EXERCISE AIM: Exactly as written, please set down all of the entries again, with no pictures.

(Saved data entries)
+++++
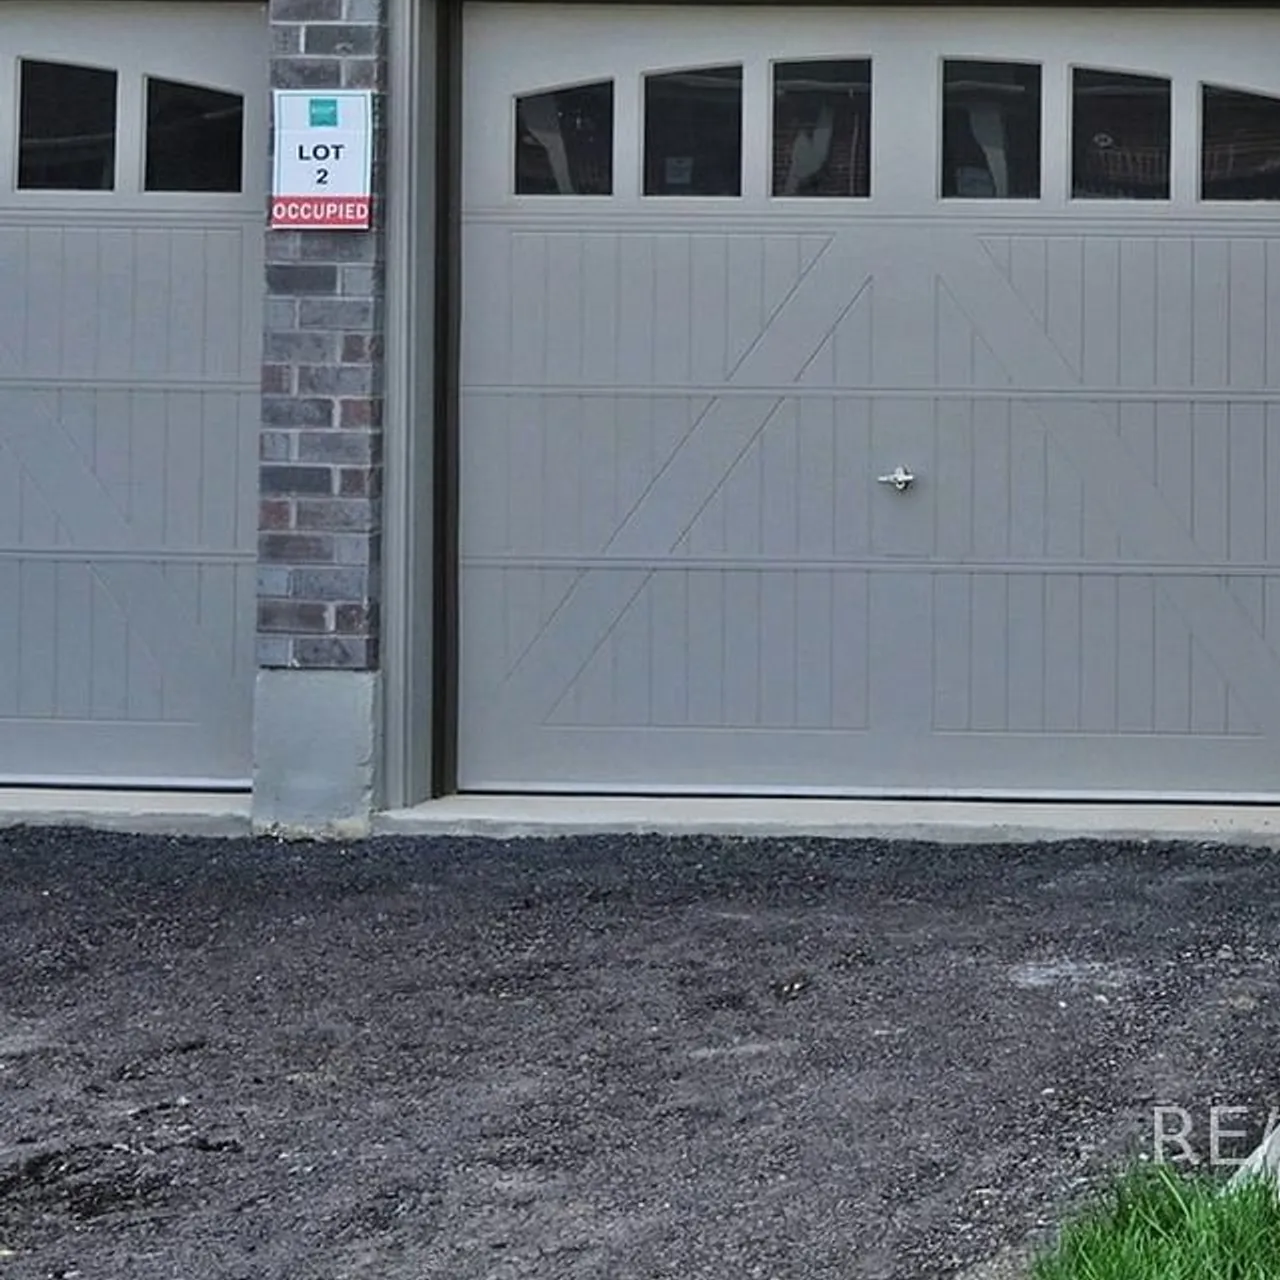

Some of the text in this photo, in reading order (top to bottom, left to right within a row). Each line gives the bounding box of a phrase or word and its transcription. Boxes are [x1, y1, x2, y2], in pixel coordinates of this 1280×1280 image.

[298, 145, 345, 161] LOT
[315, 168, 329, 185] 2
[272, 203, 369, 219] OCCUPIED
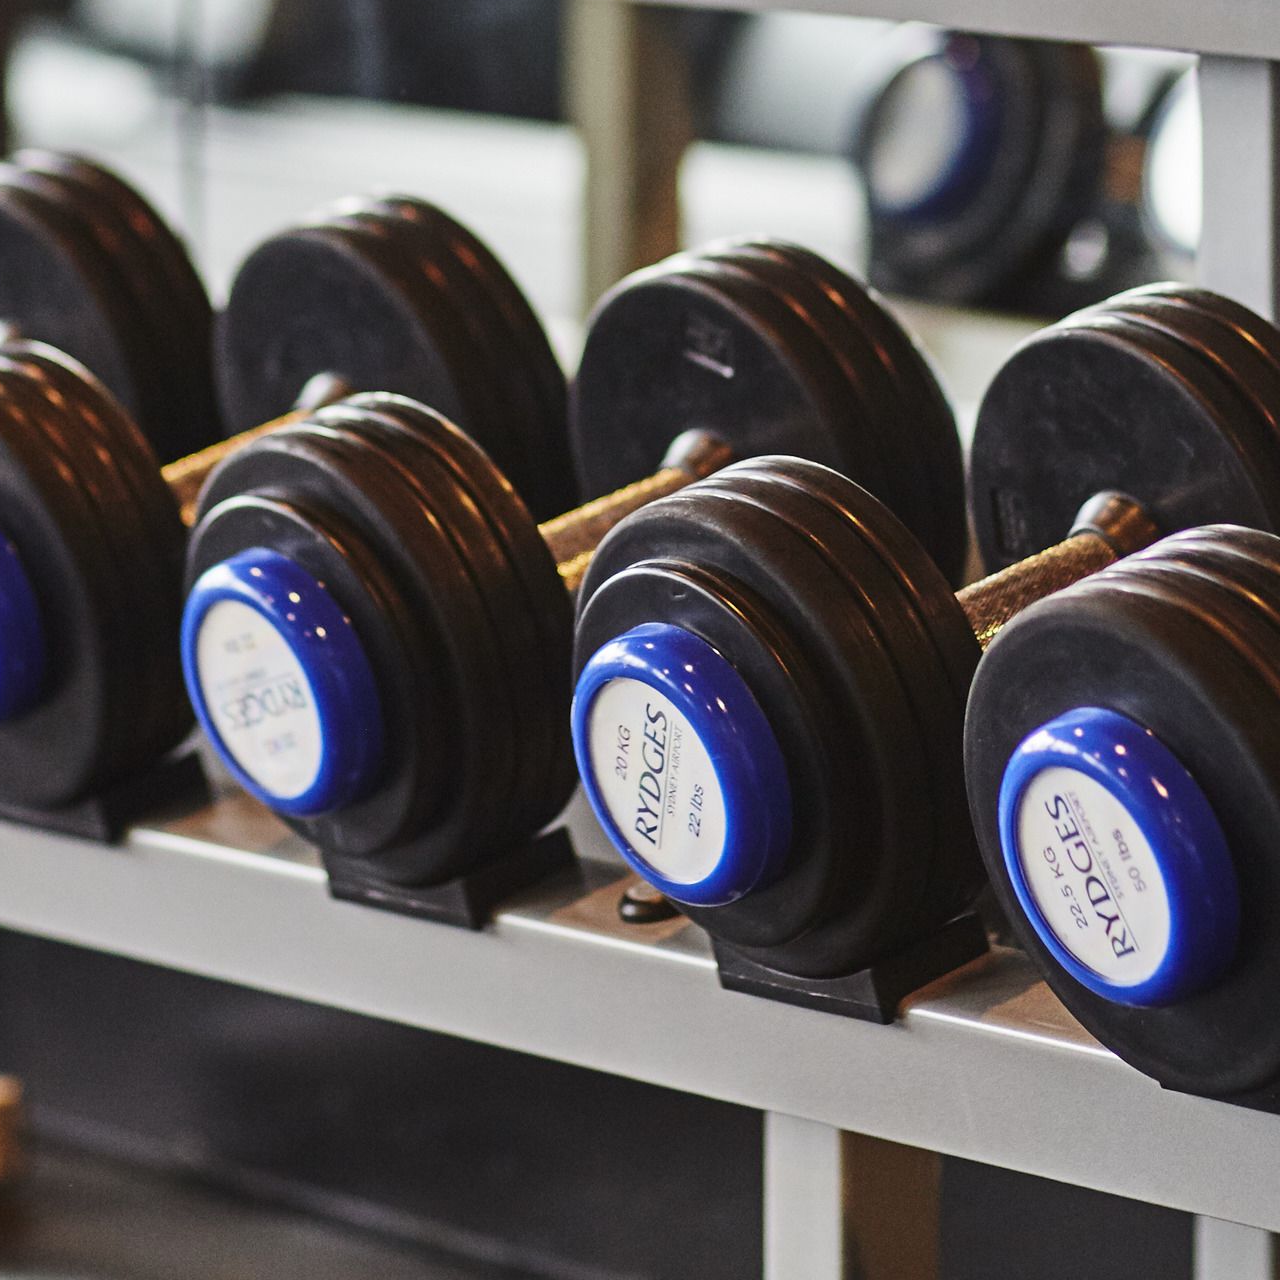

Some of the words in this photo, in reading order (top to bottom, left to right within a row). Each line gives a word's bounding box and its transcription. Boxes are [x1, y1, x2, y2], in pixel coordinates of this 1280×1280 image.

[618, 723, 631, 754] KG
[614, 757, 628, 781] 20
[635, 703, 668, 845] RYDGES
[693, 783, 705, 812] lbs
[688, 811, 703, 838] 22
[1111, 827, 1133, 863] lbs
[1042, 846, 1064, 879] KG
[1044, 793, 1137, 958] RYDGES
[1127, 865, 1147, 893] 50
[1061, 884, 1089, 929] 22.5
+++++
EXERCISE SOLUTION:
Some of the text in this photo, in reading order (top to bottom, left to right within a row). Each line gives the bounding box of a phrase or word and its transcription. Boxes are [x1, y1, x2, y2], in pixel coordinates of this 1280×1280 image.

[298, 145, 345, 161] LOT
[315, 168, 329, 185] 2
[272, 203, 369, 219] OCCUPIED

Some of the words in this photo, in reading order (top to bottom, left to right within a row). Each line gives a word's bounding box and its transcription. Boxes are [x1, y1, x2, y2], in pixel coordinates of this 1280×1280 image.

[618, 723, 631, 754] KG
[614, 757, 628, 781] 20
[635, 703, 668, 845] RYDGES
[693, 783, 705, 812] lbs
[688, 811, 703, 838] 22
[1111, 827, 1133, 863] lbs
[1042, 846, 1064, 879] KG
[1044, 793, 1137, 958] RYDGES
[1127, 865, 1147, 893] 50
[1061, 884, 1089, 929] 22.5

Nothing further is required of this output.